*** Opening Given data ***

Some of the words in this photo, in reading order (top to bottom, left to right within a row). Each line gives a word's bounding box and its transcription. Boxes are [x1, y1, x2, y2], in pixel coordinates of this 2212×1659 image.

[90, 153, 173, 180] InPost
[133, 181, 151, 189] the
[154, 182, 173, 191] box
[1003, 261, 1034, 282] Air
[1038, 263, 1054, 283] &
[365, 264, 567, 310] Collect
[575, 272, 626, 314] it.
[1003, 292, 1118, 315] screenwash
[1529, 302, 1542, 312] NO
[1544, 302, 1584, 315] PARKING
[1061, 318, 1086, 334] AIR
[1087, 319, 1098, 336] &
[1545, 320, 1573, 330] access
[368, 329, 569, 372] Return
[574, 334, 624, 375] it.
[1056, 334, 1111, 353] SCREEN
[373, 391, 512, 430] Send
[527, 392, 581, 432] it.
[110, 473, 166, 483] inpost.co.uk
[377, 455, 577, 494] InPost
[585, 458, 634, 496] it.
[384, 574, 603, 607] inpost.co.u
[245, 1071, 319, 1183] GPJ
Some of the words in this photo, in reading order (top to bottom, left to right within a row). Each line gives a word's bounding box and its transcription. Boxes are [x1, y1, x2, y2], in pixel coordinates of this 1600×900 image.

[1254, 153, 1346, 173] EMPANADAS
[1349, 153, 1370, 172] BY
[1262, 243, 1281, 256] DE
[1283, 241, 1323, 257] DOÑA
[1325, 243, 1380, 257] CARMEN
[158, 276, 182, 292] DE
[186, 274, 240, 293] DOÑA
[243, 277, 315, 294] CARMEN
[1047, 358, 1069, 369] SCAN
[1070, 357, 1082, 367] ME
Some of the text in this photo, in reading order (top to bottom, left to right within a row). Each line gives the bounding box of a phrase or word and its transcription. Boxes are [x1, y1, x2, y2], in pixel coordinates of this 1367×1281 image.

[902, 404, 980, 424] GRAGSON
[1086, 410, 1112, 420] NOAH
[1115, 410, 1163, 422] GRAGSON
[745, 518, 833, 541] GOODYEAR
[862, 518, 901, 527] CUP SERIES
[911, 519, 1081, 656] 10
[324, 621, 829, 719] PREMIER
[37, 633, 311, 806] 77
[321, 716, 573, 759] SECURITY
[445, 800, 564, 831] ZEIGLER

*** Closing Given data ***

§ **What the task asks**
Please output the complete data exactly.

§ **Exercise output**
Some of the words in this photo, in reading order (top to bottom, left to right within a row). Each line gives a word's bounding box and its transcription. Boxes are [x1, y1, x2, y2], in pixel coordinates of this 2212×1659 image.

[90, 153, 173, 180] InPost
[133, 181, 151, 189] the
[154, 182, 173, 191] box
[1003, 261, 1034, 282] Air
[1038, 263, 1054, 283] &
[365, 264, 567, 310] Collect
[575, 272, 626, 314] it.
[1003, 292, 1118, 315] screenwash
[1529, 302, 1542, 312] NO
[1544, 302, 1584, 315] PARKING
[1061, 318, 1086, 334] AIR
[1087, 319, 1098, 336] &
[1545, 320, 1573, 330] access
[368, 329, 569, 372] Return
[574, 334, 624, 375] it.
[1056, 334, 1111, 353] SCREEN
[373, 391, 512, 430] Send
[527, 392, 581, 432] it.
[110, 473, 166, 483] inpost.co.uk
[377, 455, 577, 494] InPost
[585, 458, 634, 496] it.
[384, 574, 603, 607] inpost.co.u
[245, 1071, 319, 1183] GPJ
Some of the words in this photo, in reading order (top to bottom, left to right within a row). Each line gives a word's bounding box and its transcription. Boxes are [x1, y1, x2, y2], in pixel coordinates of this 1600×900 image.

[1254, 153, 1346, 173] EMPANADAS
[1349, 153, 1370, 172] BY
[1262, 243, 1281, 256] DE
[1283, 241, 1323, 257] DOÑA
[1325, 243, 1380, 257] CARMEN
[158, 276, 182, 292] DE
[186, 274, 240, 293] DOÑA
[243, 277, 315, 294] CARMEN
[1047, 358, 1069, 369] SCAN
[1070, 357, 1082, 367] ME
Some of the text in this photo, in reading order (top to bottom, left to right within a row). Each line gives the bounding box of a phrase or word and its transcription. Boxes are [x1, y1, x2, y2], in pixel coordinates of this 1367×1281 image.

[902, 404, 980, 424] GRAGSON
[1086, 410, 1112, 420] NOAH
[1115, 410, 1163, 422] GRAGSON
[745, 518, 833, 541] GOODYEAR
[862, 518, 901, 527] CUP SERIES
[911, 519, 1081, 656] 10
[324, 621, 829, 719] PREMIER
[37, 633, 311, 806] 77
[321, 716, 573, 759] SECURITY
[445, 800, 564, 831] ZEIGLER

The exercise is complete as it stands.